1. Focus on what they gain
Help the content clueless understand how a well-developed content marketing strategy contributes to their priority business goals. Highlight these benefits – and how successful brands have used them – to pique the stakeholders’ curiosity and motivate them to become more enthusiastic advocates:
- Strengthen brand loyalty. Effective content can help bond your company and its customers. LEGO does this with its movies, magazines, and product catalogs achieve. The brand uses content to inspire nostalgia and imagination, deepening the relationship between LEGO and its customers as they evolve into adulthood.

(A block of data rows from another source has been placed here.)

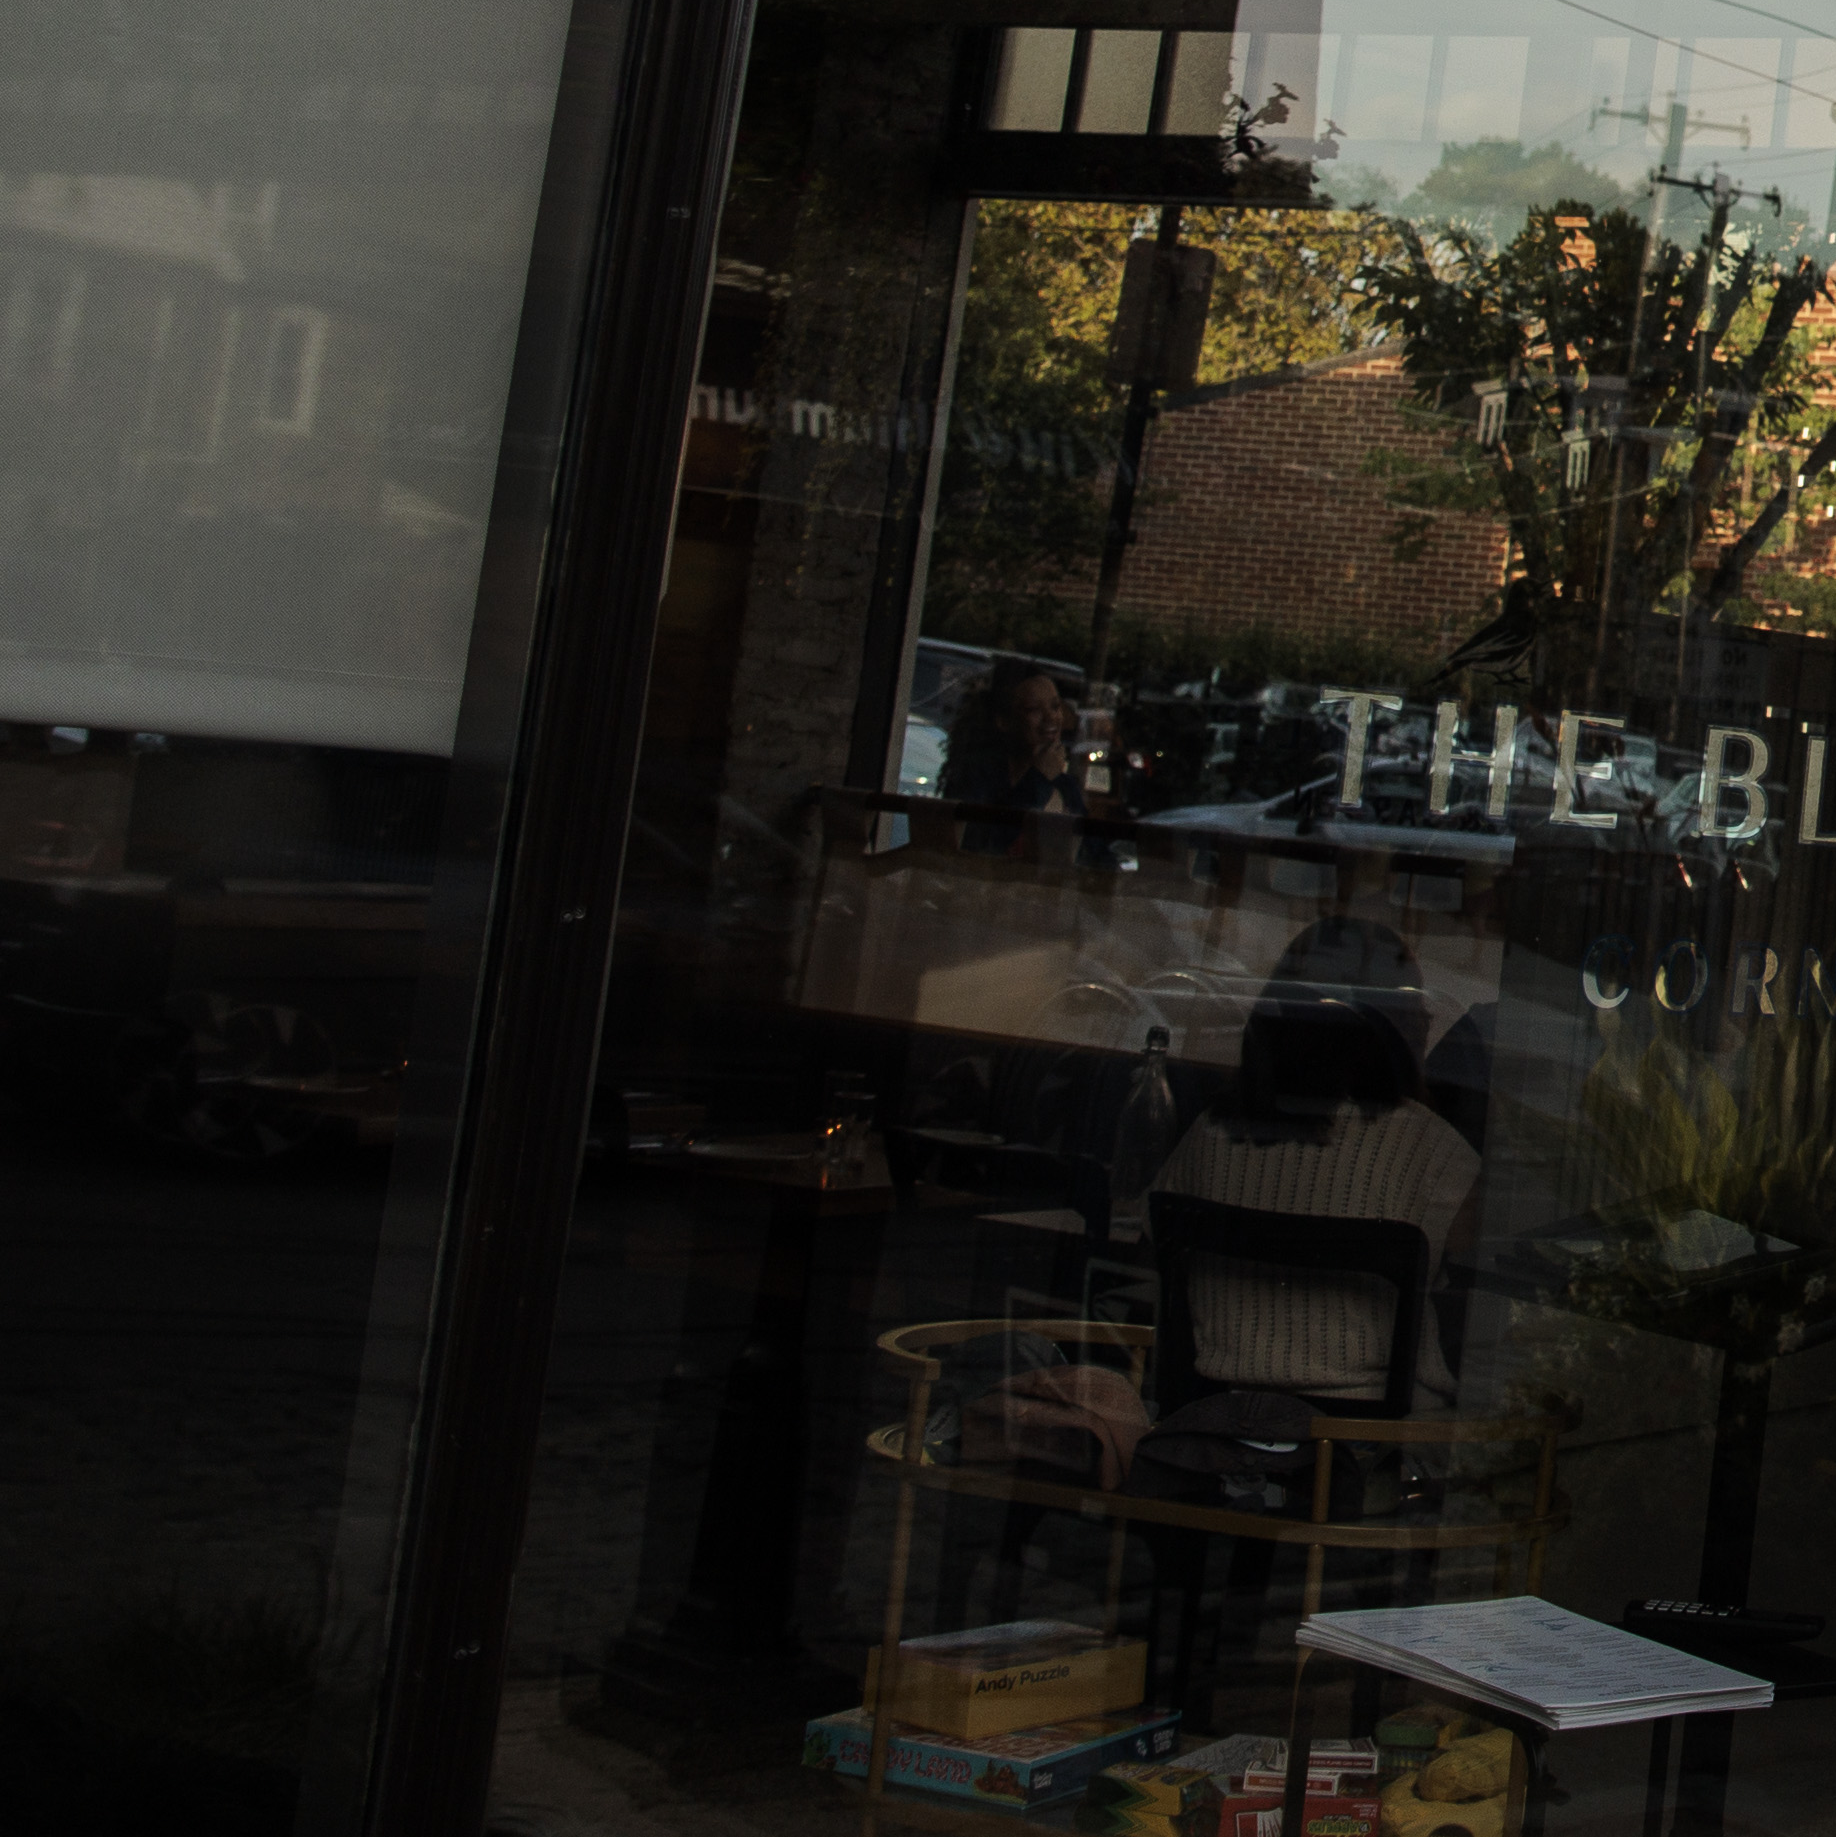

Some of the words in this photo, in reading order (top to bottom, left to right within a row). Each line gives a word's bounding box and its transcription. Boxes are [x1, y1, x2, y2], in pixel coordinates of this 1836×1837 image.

[1319, 686, 1626, 830] THE
[975, 1675, 1017, 1694] Andy
[1020, 1665, 1070, 1686] Puzzle
[839, 1739, 912, 1772] CADY
[914, 1751, 973, 1785] LAND

- Boost customer retention. Netflix personalizes its product recommendations based on the customer’s previous likes and dislikes. If you give a thumbs up to Lincoln Lawyer, Netflix might recommend a similar show, Suits, to watch next. It’s no wonder Netflix has one of the lowest subscriber churn rates in the streaming industry despite increases in subscription costs, according to Yahoo Finance.

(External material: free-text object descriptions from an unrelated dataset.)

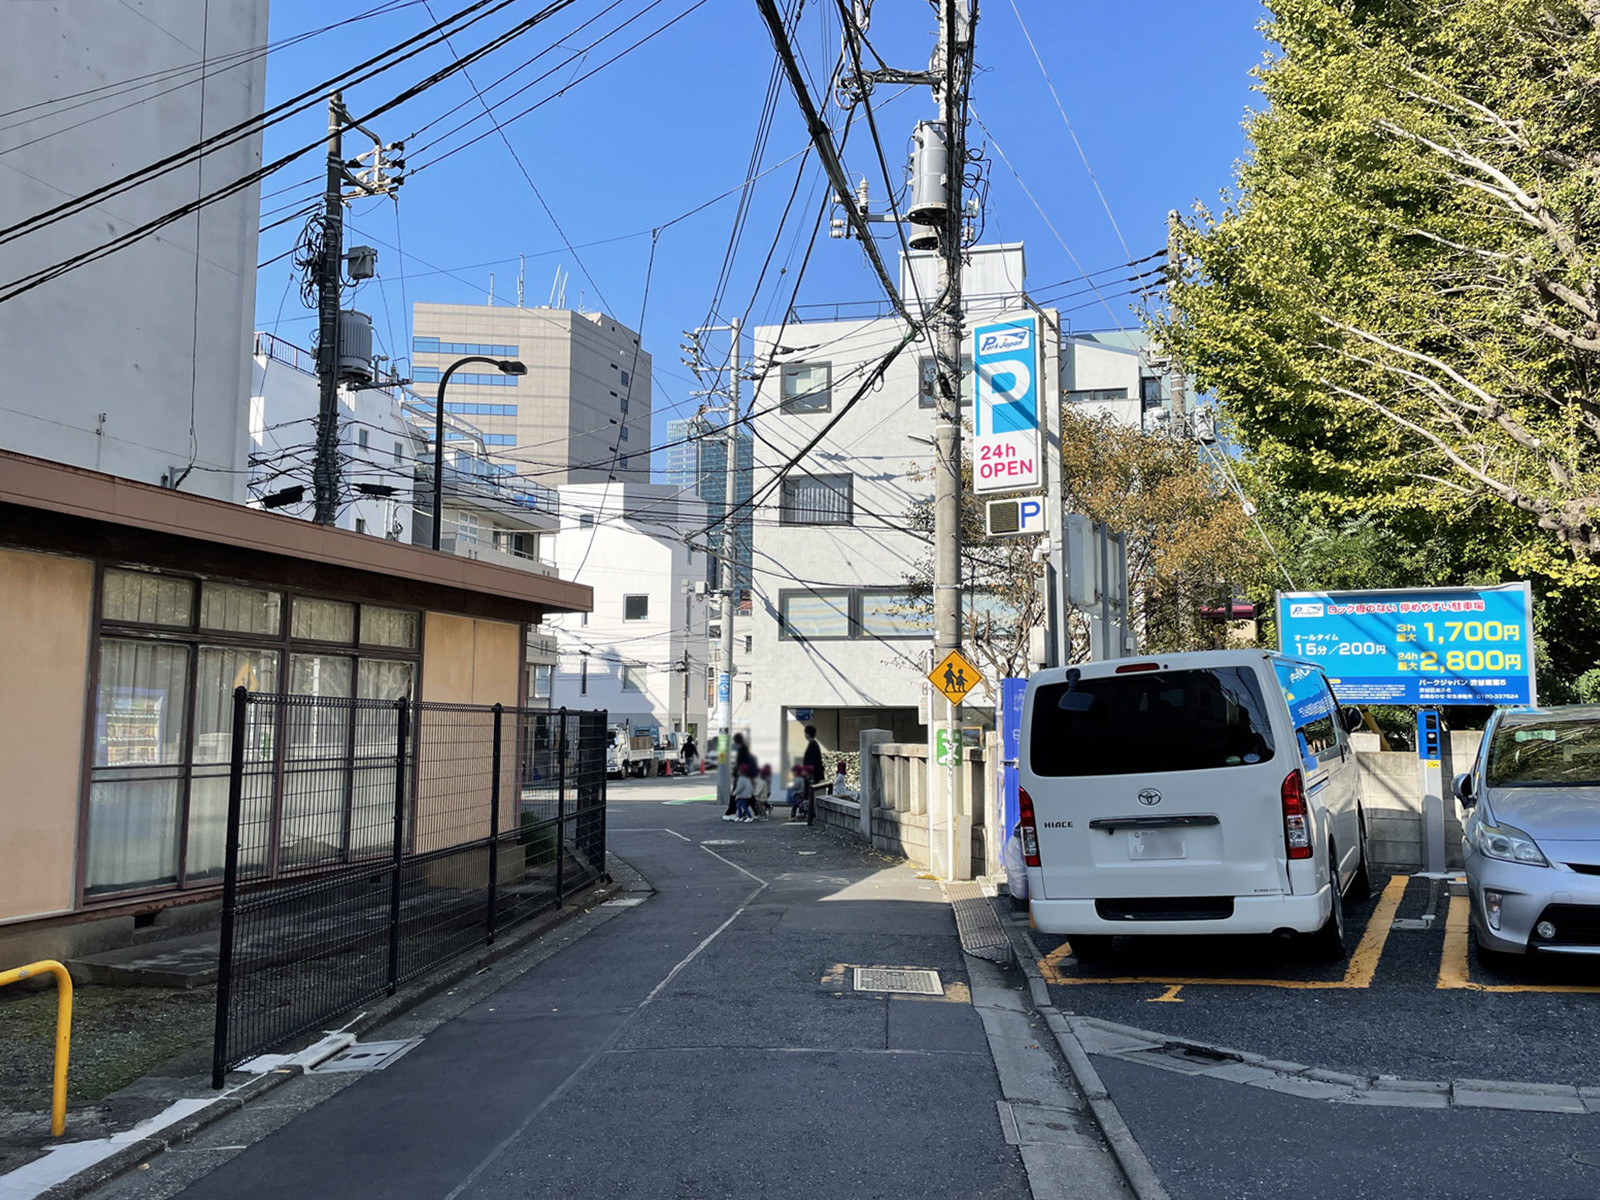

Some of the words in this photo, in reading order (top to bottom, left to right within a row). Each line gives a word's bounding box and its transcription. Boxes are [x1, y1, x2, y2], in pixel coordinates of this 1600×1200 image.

[981, 336, 998, 352] Park
[999, 338, 1023, 350] Japan
[980, 360, 1031, 436] P
[980, 443, 1016, 461] 24h
[980, 459, 1033, 479] OPEN
[1021, 501, 1041, 529] P
[1396, 624, 1416, 632] 3h
[1424, 621, 1520, 644] 1,700円
[1294, 633, 1339, 642] オールタイム
[1397, 652, 1418, 660] 24h
[1420, 650, 1521, 673] 2,800円
[1043, 821, 1074, 829] HIACE

- Demonstrate industry expertise. Business software company HubSpot offers educational content through HubSpot Academy. This authoritative offering positions the company as a leading industry expert, prompting B2B consumers and prospects to consider HubSpot when they’re in the market for a CRM system or other marketing software sold by the brand.
- Increase sales. Home Depot has mastered using content to enhance its sales. As Convince & Convert President Jay Baer pointed out in his Content Marketing World 2021 keynote, Home Depot’s toilet installation page cross-sells by displaying links for related products and professional plumbing services.
- Create a positive impact. The Cleveland Clinic blog, Health Essentials, is a safe space where readers can discreetly explore credible healthcare content. This platform is a positive resource, empowering readers, their families, friends, and communities to create healthier lifestyles.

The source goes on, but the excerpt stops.